Task to carry out >> An exact copy of every record below is what's needed here.

Data items >>
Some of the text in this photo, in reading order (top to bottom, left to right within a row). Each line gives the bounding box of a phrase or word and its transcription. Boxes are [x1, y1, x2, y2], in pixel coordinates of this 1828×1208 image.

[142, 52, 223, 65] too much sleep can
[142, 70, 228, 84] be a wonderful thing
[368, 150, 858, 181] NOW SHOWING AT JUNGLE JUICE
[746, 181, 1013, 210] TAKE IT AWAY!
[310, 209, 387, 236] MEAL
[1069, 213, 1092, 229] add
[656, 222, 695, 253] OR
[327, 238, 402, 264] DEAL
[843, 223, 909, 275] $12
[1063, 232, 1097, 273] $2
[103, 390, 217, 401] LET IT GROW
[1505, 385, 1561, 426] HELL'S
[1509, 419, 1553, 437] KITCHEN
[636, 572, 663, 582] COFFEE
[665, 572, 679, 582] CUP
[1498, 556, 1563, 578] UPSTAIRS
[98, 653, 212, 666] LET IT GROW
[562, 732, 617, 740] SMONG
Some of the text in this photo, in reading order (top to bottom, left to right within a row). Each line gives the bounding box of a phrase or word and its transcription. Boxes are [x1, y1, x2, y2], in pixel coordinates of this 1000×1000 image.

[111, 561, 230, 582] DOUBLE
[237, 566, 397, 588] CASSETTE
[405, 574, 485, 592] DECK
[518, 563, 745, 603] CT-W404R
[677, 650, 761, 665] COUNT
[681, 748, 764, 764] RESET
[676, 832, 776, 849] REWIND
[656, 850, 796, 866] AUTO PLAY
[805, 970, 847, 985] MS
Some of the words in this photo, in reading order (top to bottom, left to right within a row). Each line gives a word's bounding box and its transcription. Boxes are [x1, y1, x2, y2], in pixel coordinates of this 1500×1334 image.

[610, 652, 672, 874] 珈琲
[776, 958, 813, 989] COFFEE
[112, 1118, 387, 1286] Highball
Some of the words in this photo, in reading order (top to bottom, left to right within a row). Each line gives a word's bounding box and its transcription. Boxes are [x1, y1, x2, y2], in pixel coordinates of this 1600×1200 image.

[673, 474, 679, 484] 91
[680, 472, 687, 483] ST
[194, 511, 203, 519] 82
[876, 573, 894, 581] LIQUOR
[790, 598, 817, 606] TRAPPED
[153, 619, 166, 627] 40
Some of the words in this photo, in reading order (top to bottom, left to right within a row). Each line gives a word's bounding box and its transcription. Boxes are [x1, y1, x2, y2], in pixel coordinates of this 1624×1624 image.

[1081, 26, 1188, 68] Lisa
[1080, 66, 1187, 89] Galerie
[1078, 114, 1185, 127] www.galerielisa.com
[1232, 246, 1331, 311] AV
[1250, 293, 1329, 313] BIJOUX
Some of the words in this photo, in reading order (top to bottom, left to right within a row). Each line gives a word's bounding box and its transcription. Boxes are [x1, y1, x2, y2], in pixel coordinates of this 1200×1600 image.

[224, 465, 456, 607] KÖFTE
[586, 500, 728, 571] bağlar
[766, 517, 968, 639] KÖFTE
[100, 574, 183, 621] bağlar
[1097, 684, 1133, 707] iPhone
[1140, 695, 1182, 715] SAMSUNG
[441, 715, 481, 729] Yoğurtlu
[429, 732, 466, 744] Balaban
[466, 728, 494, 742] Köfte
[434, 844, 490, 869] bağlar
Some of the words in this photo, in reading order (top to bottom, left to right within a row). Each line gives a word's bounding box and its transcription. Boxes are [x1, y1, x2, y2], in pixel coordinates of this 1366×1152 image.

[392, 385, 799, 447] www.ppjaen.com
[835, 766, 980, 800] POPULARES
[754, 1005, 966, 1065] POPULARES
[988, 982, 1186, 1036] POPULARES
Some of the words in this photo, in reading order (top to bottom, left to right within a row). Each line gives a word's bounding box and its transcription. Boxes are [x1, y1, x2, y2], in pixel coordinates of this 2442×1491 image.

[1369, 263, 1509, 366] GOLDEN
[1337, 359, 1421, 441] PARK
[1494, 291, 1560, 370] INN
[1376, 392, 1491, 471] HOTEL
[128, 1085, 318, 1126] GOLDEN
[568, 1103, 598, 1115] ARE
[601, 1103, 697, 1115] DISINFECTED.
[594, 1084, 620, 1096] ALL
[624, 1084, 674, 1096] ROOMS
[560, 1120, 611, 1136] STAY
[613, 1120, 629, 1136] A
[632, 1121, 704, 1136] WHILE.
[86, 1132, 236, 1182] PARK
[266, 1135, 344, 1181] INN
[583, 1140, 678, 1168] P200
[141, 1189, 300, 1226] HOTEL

Task response >>
Some of the text in this photo, in reading order (top to bottom, left to right within a row). Each line gives the bounding box of a phrase or word and its transcription. Boxes are [x1, y1, x2, y2], in pixel coordinates of this 1828×1208 image.

[142, 52, 223, 65] too much sleep can
[142, 70, 228, 84] be a wonderful thing
[368, 150, 858, 181] NOW SHOWING AT JUNGLE JUICE
[746, 181, 1013, 210] TAKE IT AWAY!
[310, 209, 387, 236] MEAL
[1069, 213, 1092, 229] add
[656, 222, 695, 253] OR
[327, 238, 402, 264] DEAL
[843, 223, 909, 275] $12
[1063, 232, 1097, 273] $2
[103, 390, 217, 401] LET IT GROW
[1505, 385, 1561, 426] HELL'S
[1509, 419, 1553, 437] KITCHEN
[636, 572, 663, 582] COFFEE
[665, 572, 679, 582] CUP
[1498, 556, 1563, 578] UPSTAIRS
[98, 653, 212, 666] LET IT GROW
[562, 732, 617, 740] SMONG
Some of the text in this photo, in reading order (top to bottom, left to right within a row). Each line gives the bounding box of a phrase or word and its transcription. Boxes are [x1, y1, x2, y2], in pixel coordinates of this 1000×1000 image.

[111, 561, 230, 582] DOUBLE
[237, 566, 397, 588] CASSETTE
[405, 574, 485, 592] DECK
[518, 563, 745, 603] CT-W404R
[677, 650, 761, 665] COUNT
[681, 748, 764, 764] RESET
[676, 832, 776, 849] REWIND
[656, 850, 796, 866] AUTO PLAY
[805, 970, 847, 985] MS
Some of the words in this photo, in reading order (top to bottom, left to right within a row). Each line gives a word's bounding box and its transcription. Boxes are [x1, y1, x2, y2], in pixel coordinates of this 1500×1334 image.

[610, 652, 672, 874] 珈琲
[776, 958, 813, 989] COFFEE
[112, 1118, 387, 1286] Highball
Some of the words in this photo, in reading order (top to bottom, left to right within a row). Each line gives a word's bounding box and its transcription. Boxes are [x1, y1, x2, y2], in pixel coordinates of this 1600×1200 image.

[673, 474, 679, 484] 91
[680, 472, 687, 483] ST
[194, 511, 203, 519] 82
[876, 573, 894, 581] LIQUOR
[790, 598, 817, 606] TRAPPED
[153, 619, 166, 627] 40
Some of the words in this photo, in reading order (top to bottom, left to right within a row). Each line gives a word's bounding box and its transcription. Boxes are [x1, y1, x2, y2], in pixel coordinates of this 1624×1624 image.

[1081, 26, 1188, 68] Lisa
[1080, 66, 1187, 89] Galerie
[1078, 114, 1185, 127] www.galerielisa.com
[1232, 246, 1331, 311] AV
[1250, 293, 1329, 313] BIJOUX
Some of the words in this photo, in reading order (top to bottom, left to right within a row). Each line gives a word's bounding box and its transcription. Boxes are [x1, y1, x2, y2], in pixel coordinates of this 1200×1600 image.

[224, 465, 456, 607] KÖFTE
[586, 500, 728, 571] bağlar
[766, 517, 968, 639] KÖFTE
[100, 574, 183, 621] bağlar
[1097, 684, 1133, 707] iPhone
[1140, 695, 1182, 715] SAMSUNG
[441, 715, 481, 729] Yoğurtlu
[429, 732, 466, 744] Balaban
[466, 728, 494, 742] Köfte
[434, 844, 490, 869] bağlar
Some of the words in this photo, in reading order (top to bottom, left to right within a row). Each line gives a word's bounding box and its transcription. Boxes are [x1, y1, x2, y2], in pixel coordinates of this 1366×1152 image.

[392, 385, 799, 447] www.ppjaen.com
[835, 766, 980, 800] POPULARES
[754, 1005, 966, 1065] POPULARES
[988, 982, 1186, 1036] POPULARES
Some of the words in this photo, in reading order (top to bottom, left to right within a row). Each line gives a word's bounding box and its transcription. Boxes are [x1, y1, x2, y2], in pixel coordinates of this 2442×1491 image.

[1369, 263, 1509, 366] GOLDEN
[1337, 359, 1421, 441] PARK
[1494, 291, 1560, 370] INN
[1376, 392, 1491, 471] HOTEL
[128, 1085, 318, 1126] GOLDEN
[568, 1103, 598, 1115] ARE
[601, 1103, 697, 1115] DISINFECTED.
[594, 1084, 620, 1096] ALL
[624, 1084, 674, 1096] ROOMS
[560, 1120, 611, 1136] STAY
[613, 1120, 629, 1136] A
[632, 1121, 704, 1136] WHILE.
[86, 1132, 236, 1182] PARK
[266, 1135, 344, 1181] INN
[583, 1140, 678, 1168] P200
[141, 1189, 300, 1226] HOTEL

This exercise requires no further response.